» What the exercise asks
Repeat every record exactly, but keep images out of the copy.

[Opening Data section]

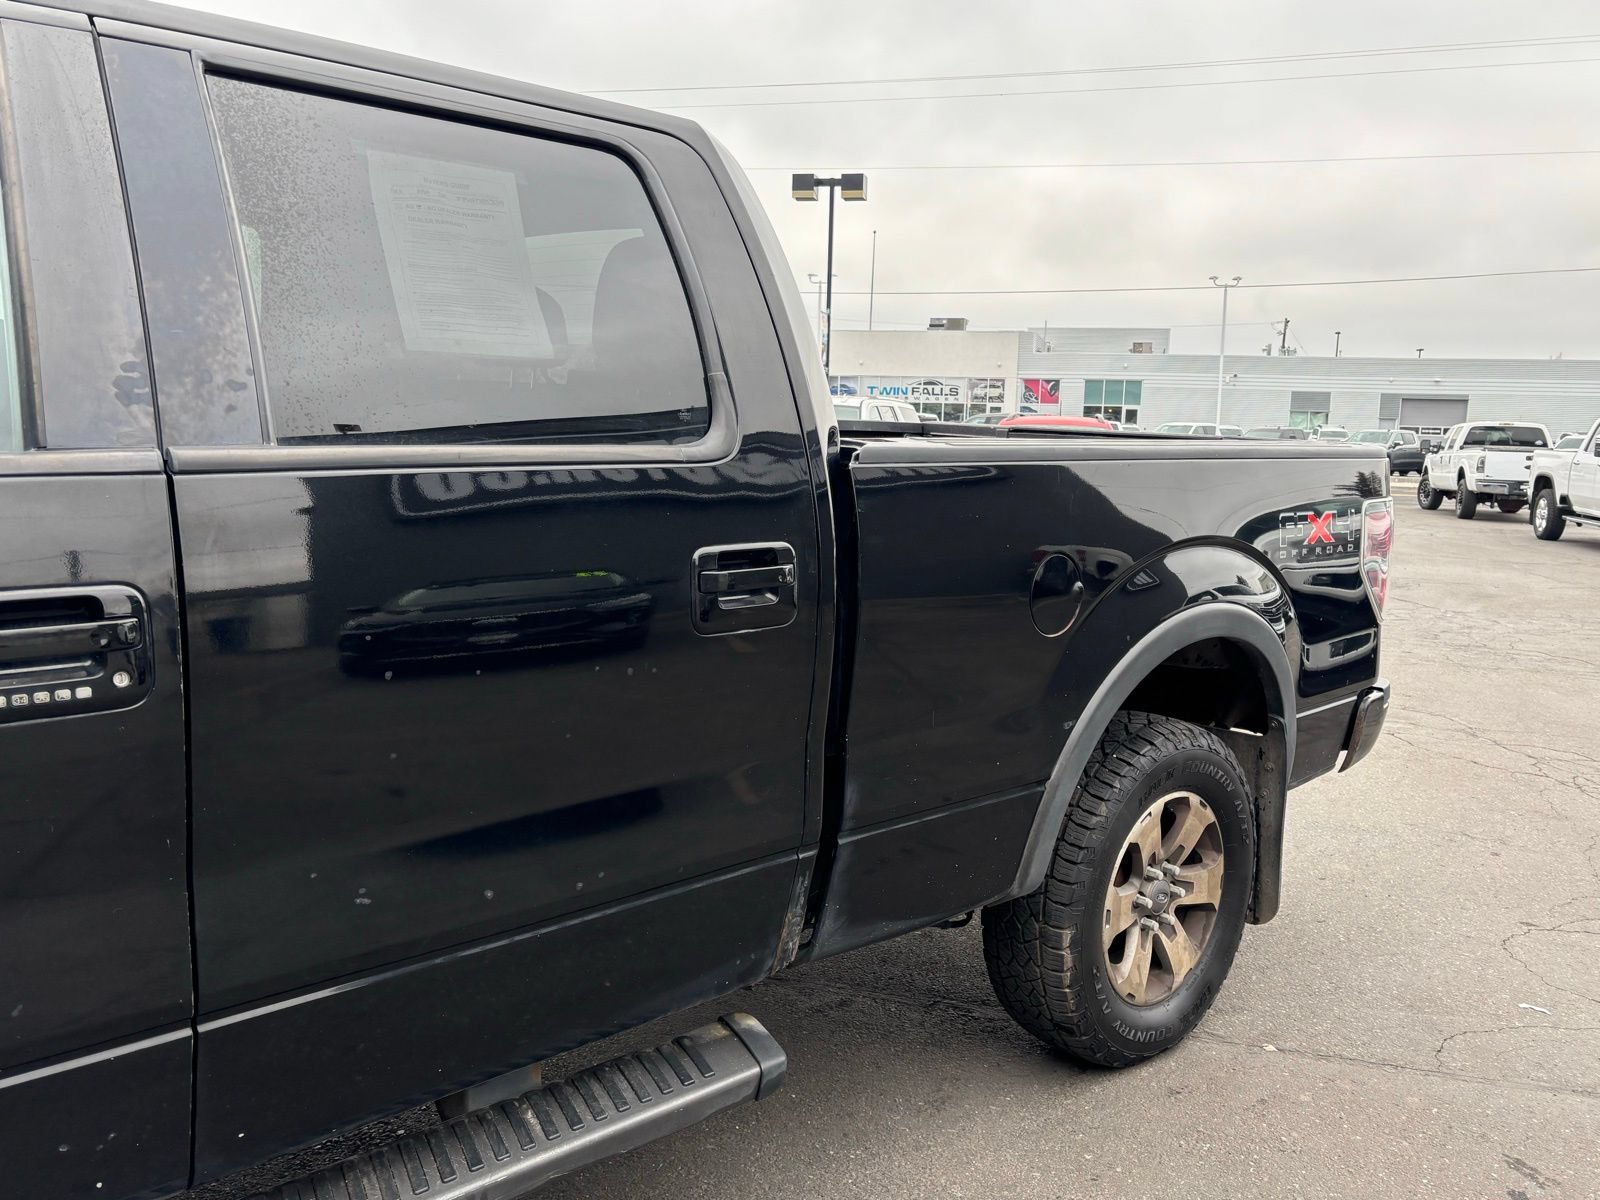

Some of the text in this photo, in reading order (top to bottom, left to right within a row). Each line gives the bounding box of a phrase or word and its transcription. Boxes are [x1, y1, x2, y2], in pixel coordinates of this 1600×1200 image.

[867, 386, 959, 396] TWIN FALLS
[1279, 509, 1355, 547] FX4
[1279, 543, 1354, 559] OFF ROAD
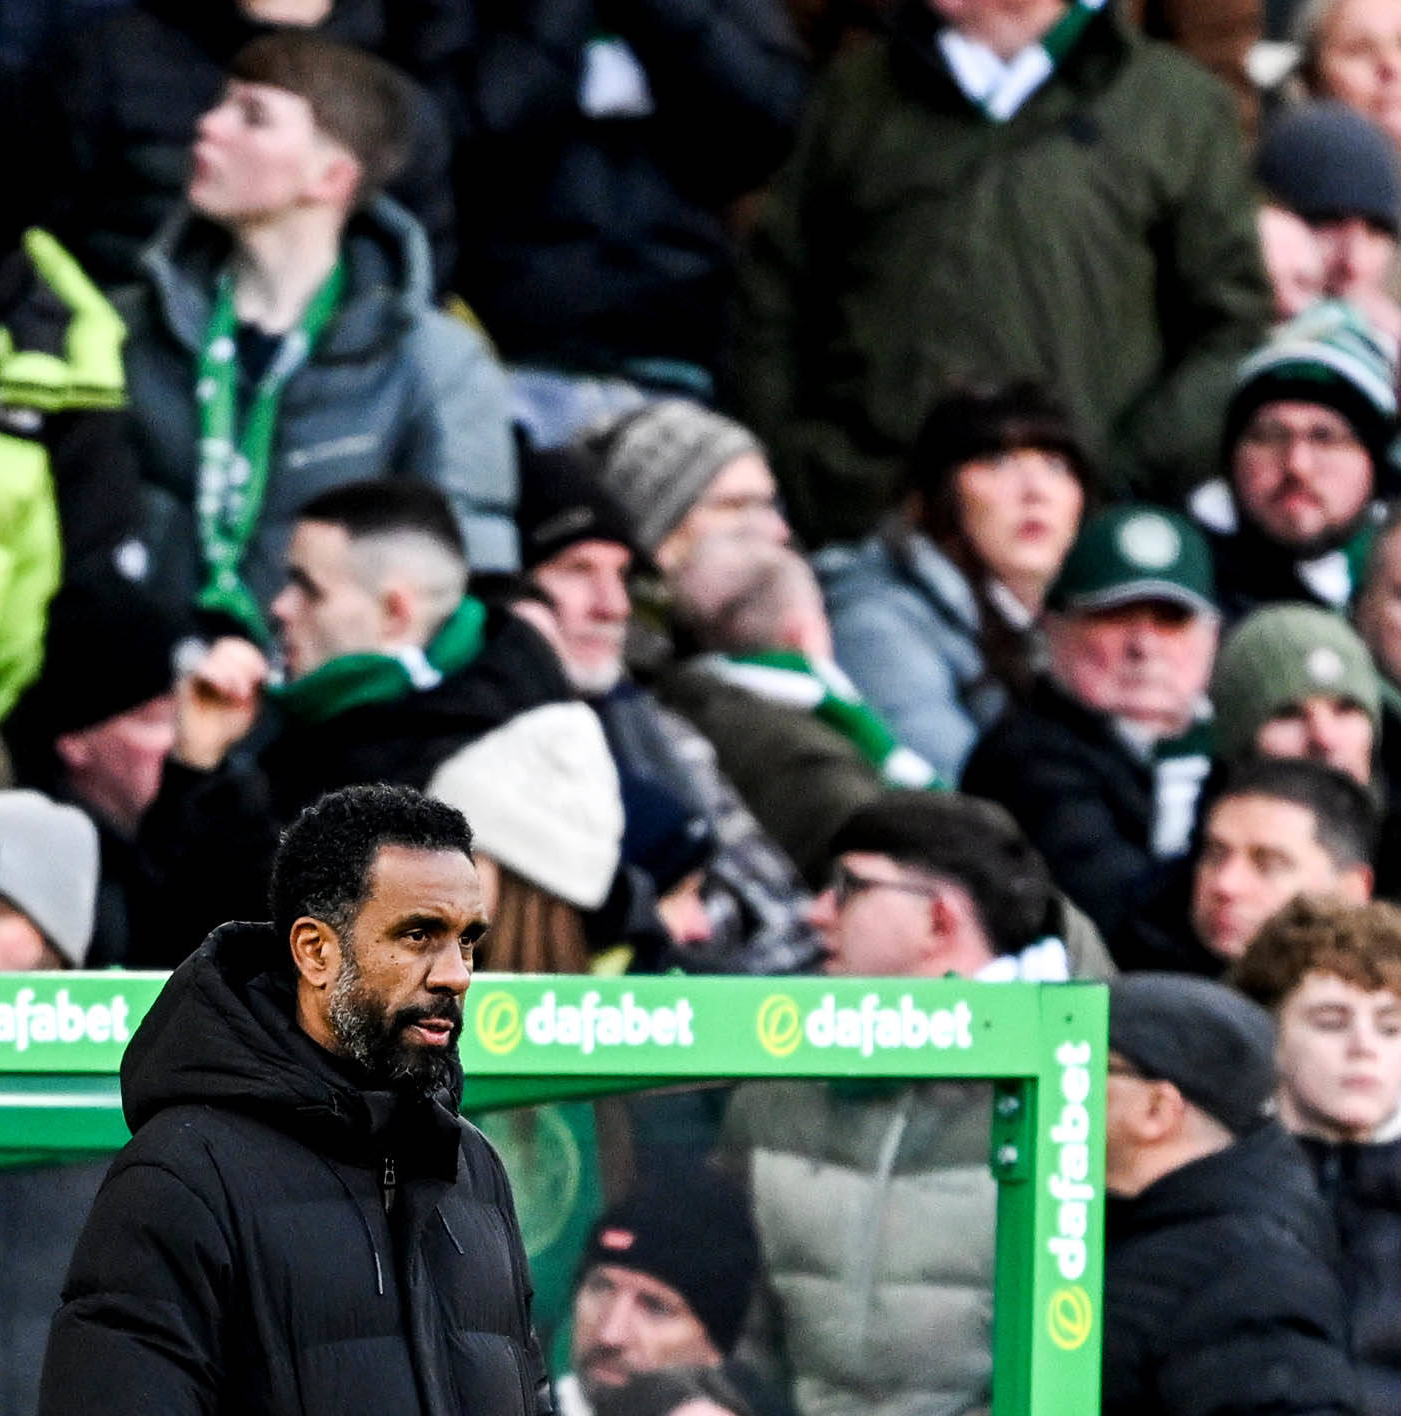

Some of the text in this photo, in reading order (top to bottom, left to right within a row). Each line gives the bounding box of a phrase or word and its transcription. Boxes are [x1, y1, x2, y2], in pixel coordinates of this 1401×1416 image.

[525, 992, 694, 1055] dafabet
[806, 994, 975, 1057] dafabet
[1048, 1041, 1095, 1280] dafabet

[Closing Data section]

» Answer box
Some of the text in this photo, in reading order (top to bottom, left to right within a row). Each line gives the bounding box of a phrase or word and its transcription. Boxes are [x1, y1, x2, y2], in pixel coordinates of this 1600×1200 image.

[867, 386, 959, 396] TWIN FALLS
[1279, 509, 1355, 547] FX4
[1279, 543, 1354, 559] OFF ROAD

Some of the text in this photo, in reading order (top to bottom, left to right within a row). Each line gives the bounding box of a phrase or word and its transcription. Boxes are [x1, y1, x2, y2], in pixel coordinates of this 1401×1416 image.

[525, 992, 694, 1055] dafabet
[806, 994, 975, 1057] dafabet
[1048, 1041, 1095, 1280] dafabet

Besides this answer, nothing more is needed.